FortiGate Next Generation Firewall utilizes purpose-built security processors and threat intelligence security services from FortiGuard labs to deliver top-rated protection and high performance, including encrypted traffic.
This article describes how to troubleshoot a policy not working with Source NAT IP addresses. The policy is created from LAN to a server via IPSec Tunnel with SNAT enabled, but the user cannot telnet to the server.
Scope
FortiGate.
Solution
To resolve the policy not working with Source NAT IP addresses, follow these steps:
Make sure the route to the destination is learned from the correct interface. In this case, the route was learned from BGP via WAN2, while a static route with /16 was created for the destination subnet via the tunnel interface.
Since the route learned from BGP was /32 via WAN2, FortiGate is sending the traffic out via WAN2 instead of the tunnel interface.

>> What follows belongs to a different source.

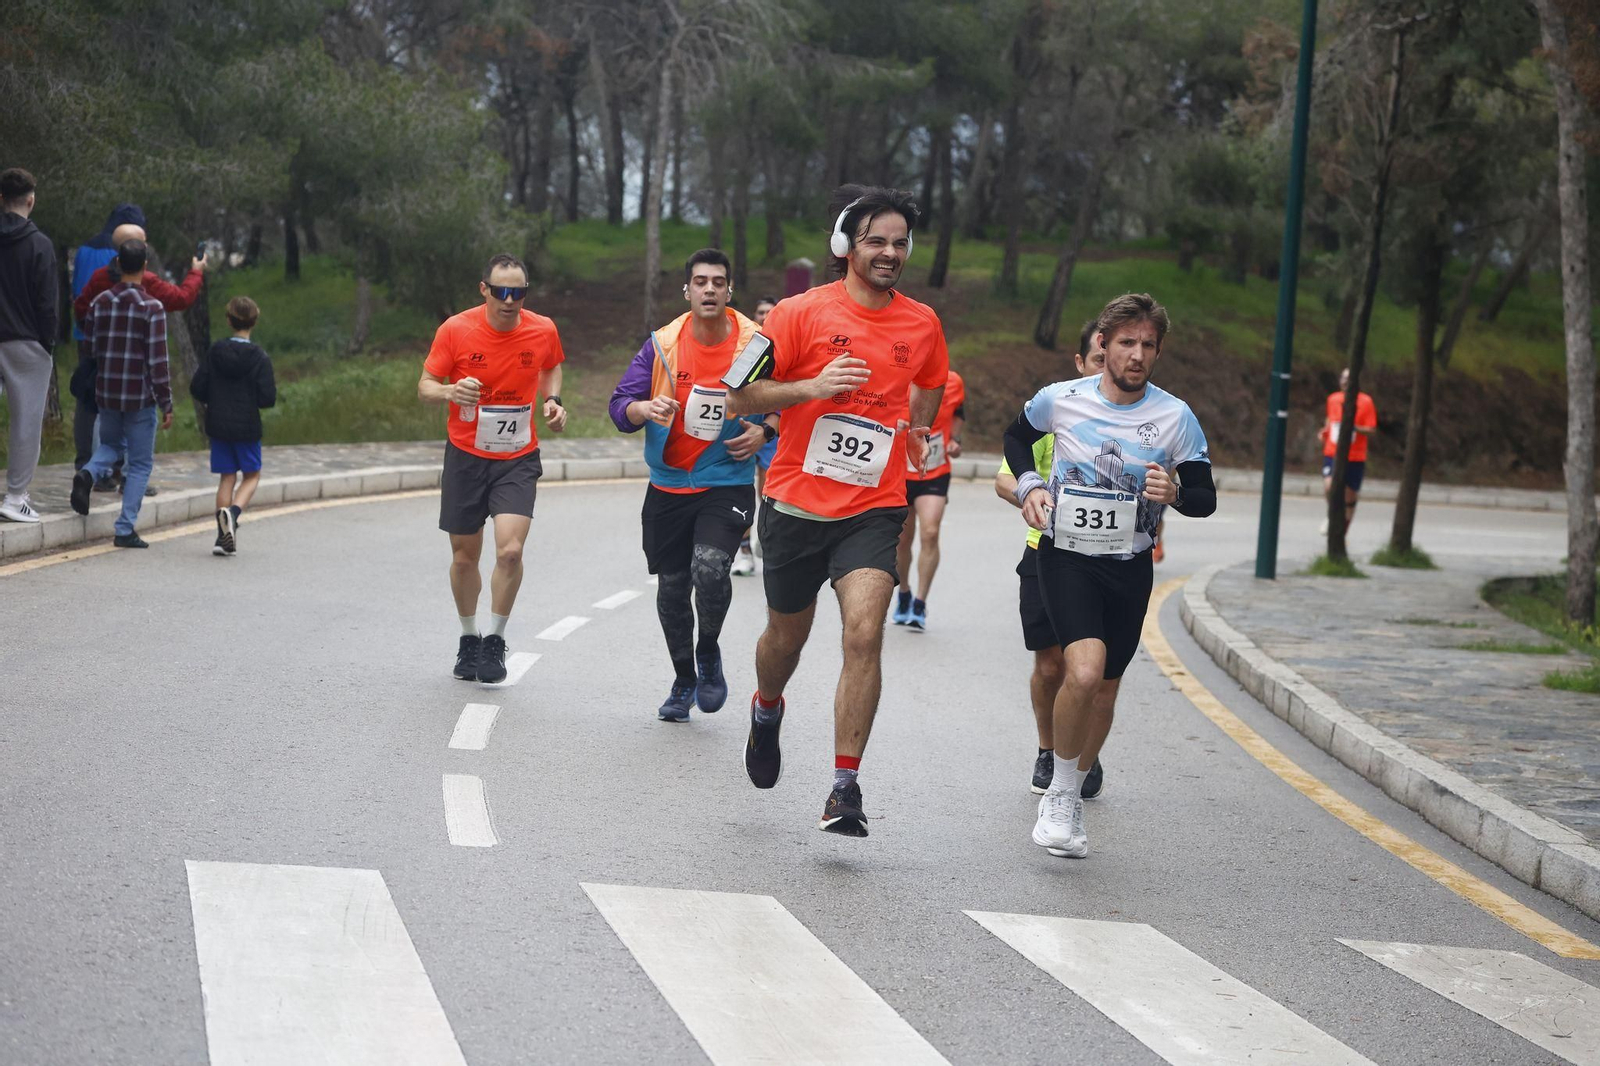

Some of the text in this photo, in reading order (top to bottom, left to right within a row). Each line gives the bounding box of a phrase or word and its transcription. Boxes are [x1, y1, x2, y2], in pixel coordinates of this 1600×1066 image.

Verify that the more specific route (longer subnet mask) takes precedence. A /32 covers exactly one IP address, so it is more specific than/16.
Add a static route for the destination server with /32. This will ensure that the traffic is routed correctly.
After adding the static route, verify that the user can telnet to the server.
The remote side needs to know which source IPs are allowed over the tunnel, which means that the SNAT IP must be a part of Phase2 selectors.
By following these steps, the policy should now be working correctly with the Source NAT IP addresses.